A un año de la ratificación de la condena de la Corte Suprema, el peronismo riojano asiste al vaciamiento de la conducción centralizada y procesa el costo de haber apostado por la renovación. El rol de Quintela como emergente de la discordia bonaerense.

LA RIOJA.– El almanaque político marca este miércoles 10 de junio un aniversario incómodo para el peronismo de todo el país, pero con un anclaje de particular tensión en el Norte Grande. Se cumple un año desde que la Corte Suprema de Justicia ratificó la condena a seis años de prisión e inhabilitación perpetua para ejercer cargos públicos a Cristina Fernández de Kirchner por la Causa Vialidad. Con la expresidenta cumpliendo prisión domiciliaria, los hilos del poder en el Partido Justicialista se tensaron al límite de la resistencia, exponiendo en suelo riojano las esquirlas de una ruptura que en el AMBA ya no tiene retorno: el divorcio político entre la exmandataria y el gobernador bonaerense, Axel Kicillof.

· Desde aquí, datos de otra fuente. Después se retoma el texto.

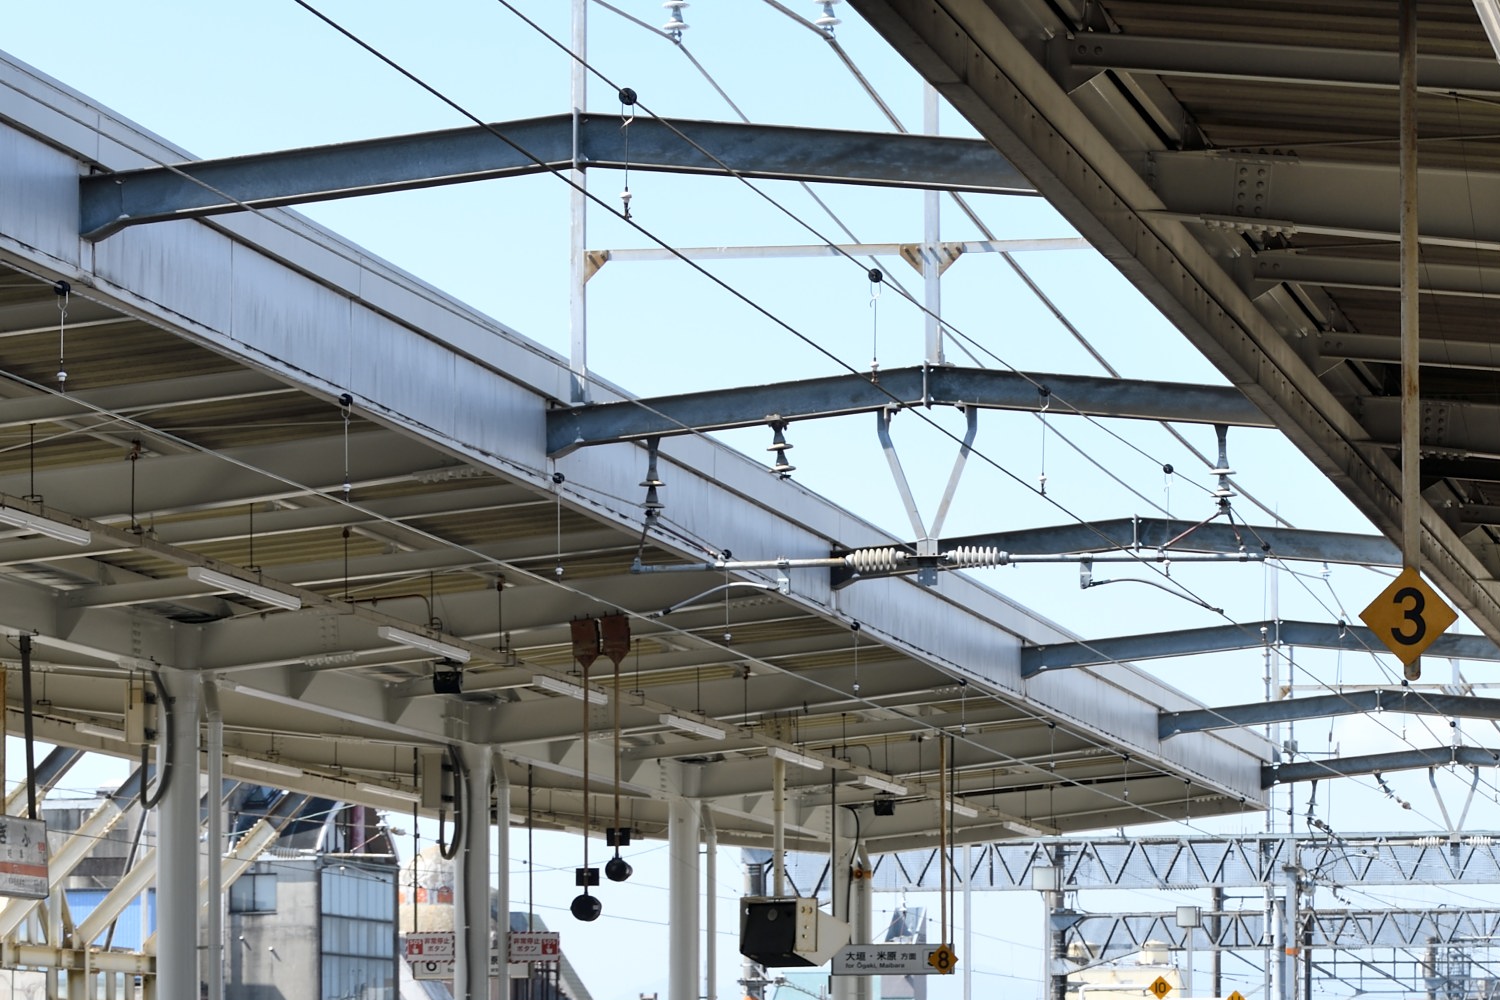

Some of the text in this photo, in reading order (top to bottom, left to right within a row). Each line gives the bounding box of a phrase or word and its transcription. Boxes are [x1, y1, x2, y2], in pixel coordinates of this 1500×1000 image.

Para el peronismo de La Rioja, que históricamente ha buscado amparo en liderazgos nacionales fuertes para apalancar la gestión local, la radiografía de esta fractura expone una realidad crudísima. La provincia no fue una espectadora pasiva de la crisis, sino el escenario donde se terminó de corporizar el tercer hito del desencuentro entre el kirchnerismo duro y el kicillofismo: la fallida interna por la conducción del PJ nacional.

Los tres hitos que dinamitaron la confianza

La distancia entre la expresidenta y su otrora «niño mimado» de la economía no se gestó en el encierro actual, sino en una secuencia de desobediencias que el ala dura de La Cámpora, comandada por Máximo Kirchner, guardó en un inventario de rencores.

  • La intervención del gabinete (2021): El primer quiebre severo ocurrió tras la derrota electoral de 2021 frente a Diego Santilli. Cristina Kirchner obligó a Kicillof a entregar la cabeza de su mano derecha, Carlos Bianco, para entronizar a Martín Insaurralde en la Jefatura de Gabinete bonaerense. Aquella humillación política sembró la semilla de la resistencia en La Plata.
  • El «no» a la candidatura presidencial (2023): En junio de 2023, Kicillof resistió el soplido del Instituto Patria que pretendía subirlo a la carrera presidencial para dejarle la provincia a un armador camporista. El gobernador prefirió atrincherarse en el principal distrito del país. «Ahí se terminó de romper todo. Le dijo en la cara: ‘Ya no me conducís'», analiza hoy un dirigente que conoce al dedillo esa bitácora de desencuentros.
  • El factor riojano en la interna del PJ: Fue el golpe de gracia. Cuando Cristina Kirchner buscó la presidencia del PJ nacional esperando un «operativo clamor», Kicillof ensayó un silencio sepulcral. En los despachos del kirchnerismo duro están convencidos de que el bonaerense operó activamente en las sombras para financiar y sostener la candidatura del gobernador riojano, Ricardo Quintela, quien amagó con disputarle el sillón partidario hasta el último minuto.

«Hay momentos en que se definen cosas importantes y no podés mirar para otro lado», recriminan hoy desde la mesa chica de La Cámpora, apuntando al tibio posicionamiento de Kicillof respecto a la situación judicial de la expresidenta.

La Rioja y el costo del alineamiento

En la escena local, el año de Cristina en prisión domiciliaria obligó al peronismo riojano a recalcular su estrategia de supervivencia frente al gobierno de Javier Milei. La provincia, que supo ensayar una rebeldía conceptual de la mano del kicillofismo y el federalismo del norte, hoy digiere el costo de haber quedado atrapada en el fuego cruzado bonaerense.

Mientras el entorno de la expresidenta le reprocha a Kicillof una total frialdad humana —incluso criticando que no se haya comunicado tras su intervención quirúrgica en diciembre pasado—, en La Rioja la preocupación pasa por la falta de un comando centralizado que ordene la resistencia opositora.

La última charla entre Cristina y Kicillof data de octubre del año pasado, previo al nuevo triunfo de Diego Santilli, reconvertido en pieza clave de la arquitectura libertaria nacional. Desde entonces, el silencio entre ambos es total. Para La Rioja, ese teléfono cortado entre La Plata y el departamento de la Recoleta representa el laberinto más complejo: el de un peronismo que no logra definir si su futuro pasa por la resistencia nostálgica o por la dolorosa renovación dirigencial.